## Work to complete
Start to finish, retype the entries exactly while omitting the pictures.

(Source data)
════════

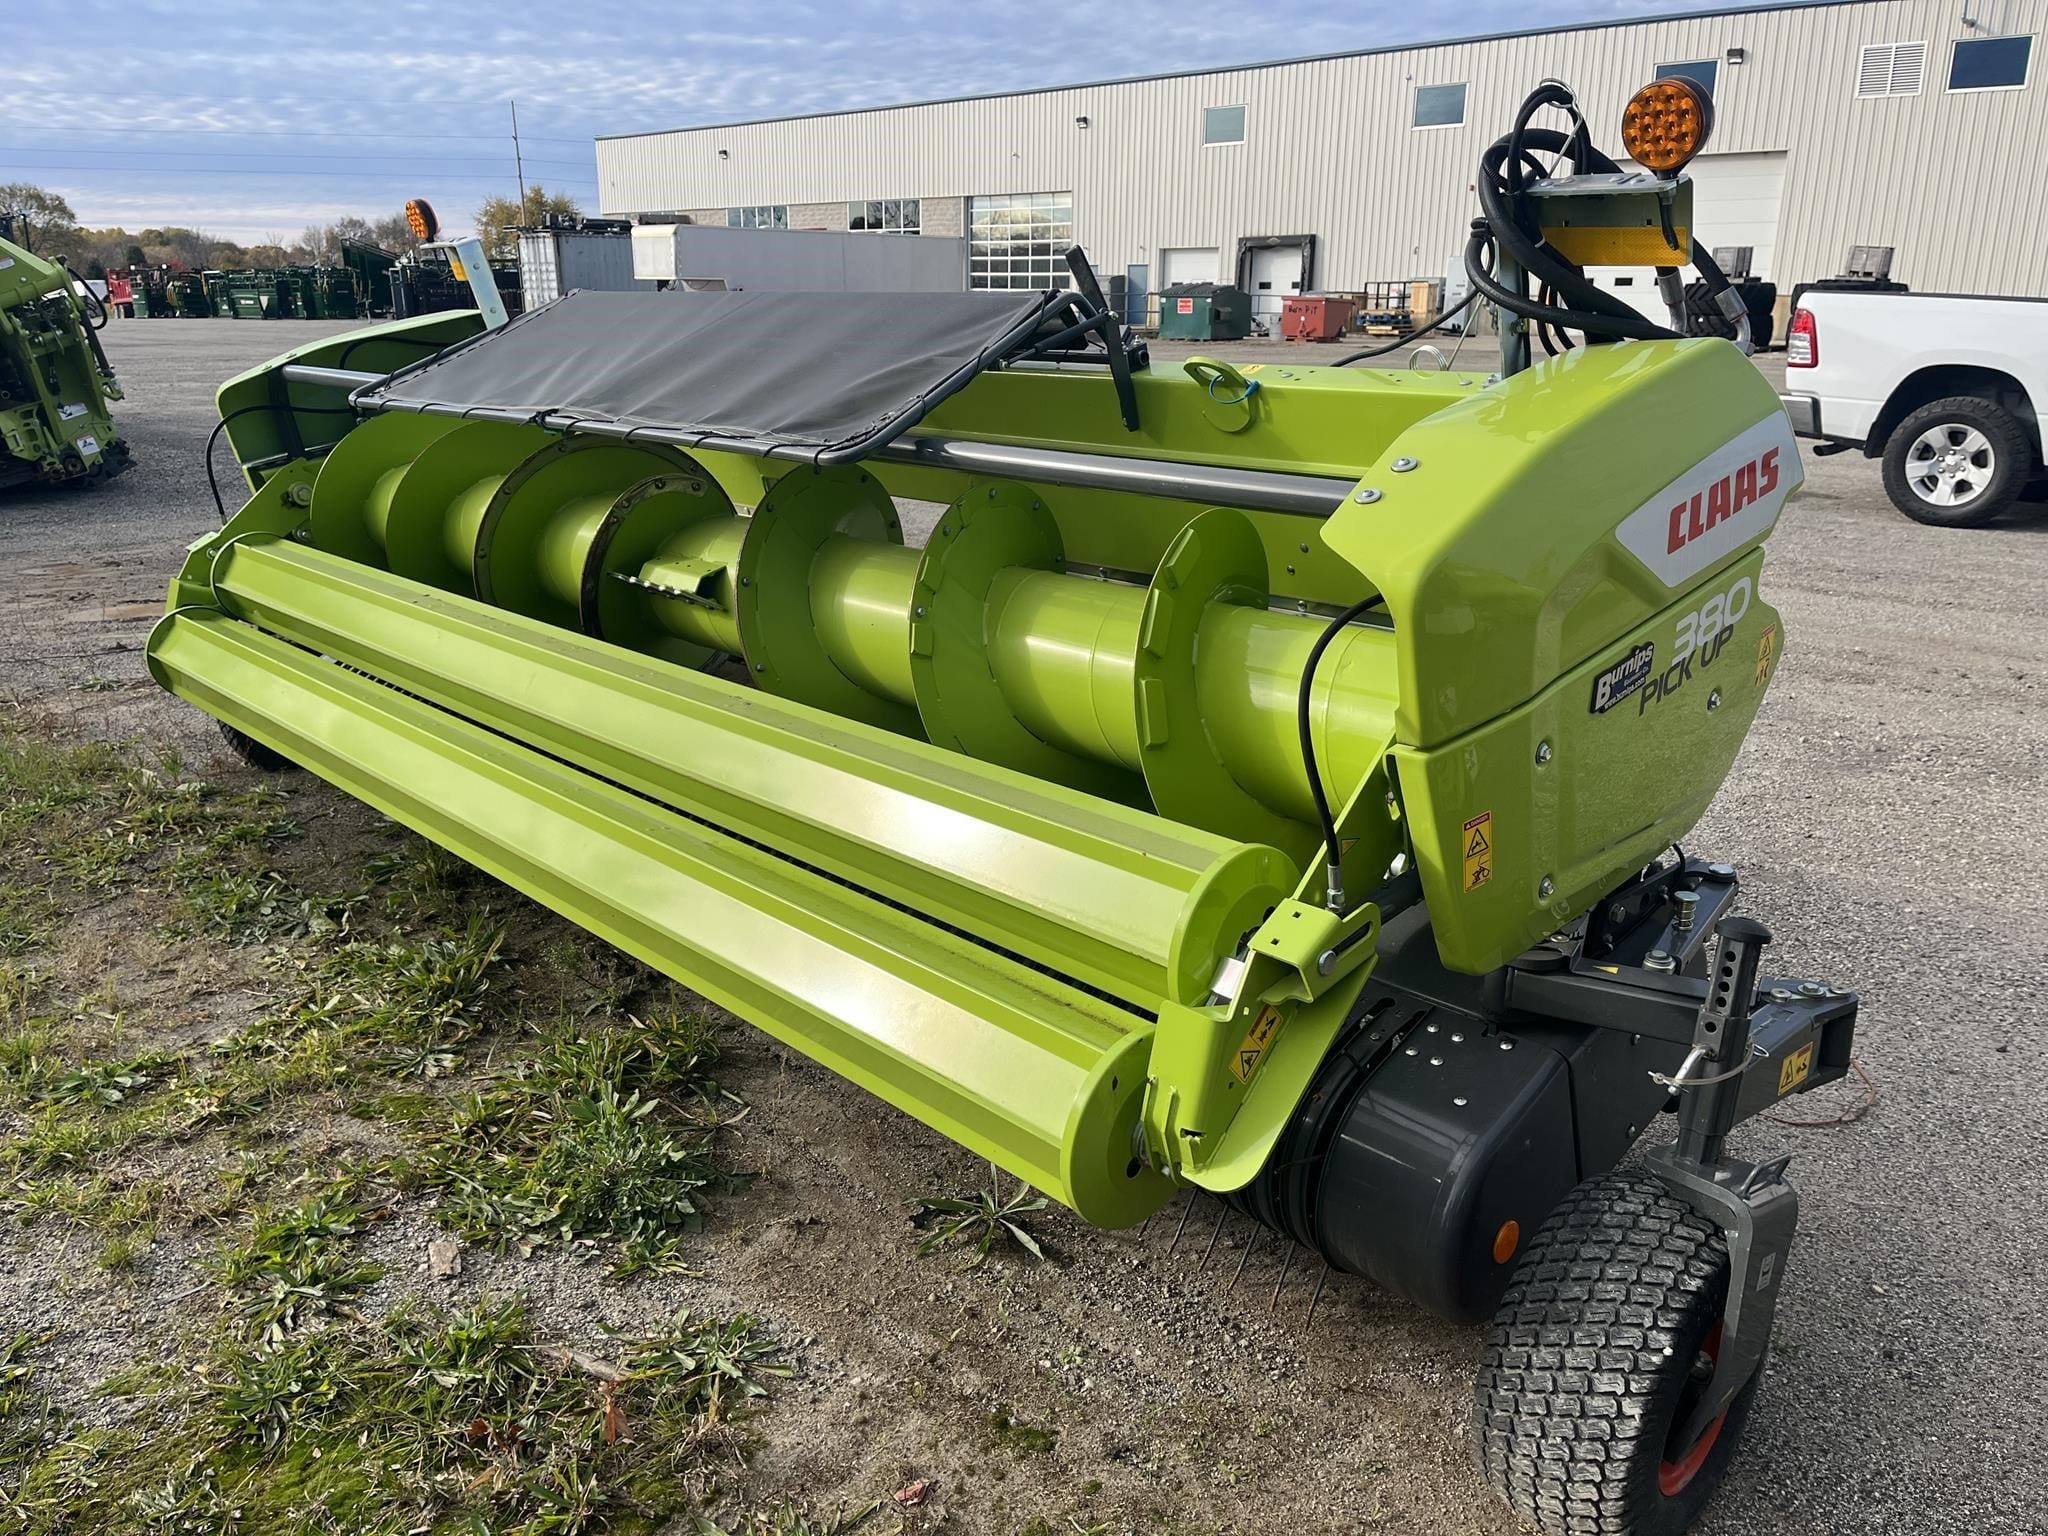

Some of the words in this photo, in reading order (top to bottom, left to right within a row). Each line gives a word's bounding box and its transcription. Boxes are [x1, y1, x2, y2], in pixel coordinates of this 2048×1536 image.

[1666, 446, 1779, 555] CLAAS
[1672, 576, 1751, 667] 380
[1595, 645, 1654, 710] Burnips
[1638, 649, 1697, 717] PICK
[1700, 624, 1734, 668] UP

════════

## Task answer
Some of the words in this photo, in reading order (top to bottom, left to right within a row). Each line gives a word's bounding box and its transcription. Boxes are [x1, y1, x2, y2], in pixel coordinates of this 2048×1536 image.

[1666, 446, 1779, 555] CLAAS
[1672, 576, 1751, 667] 380
[1595, 645, 1654, 710] Burnips
[1638, 649, 1697, 717] PICK
[1700, 624, 1734, 668] UP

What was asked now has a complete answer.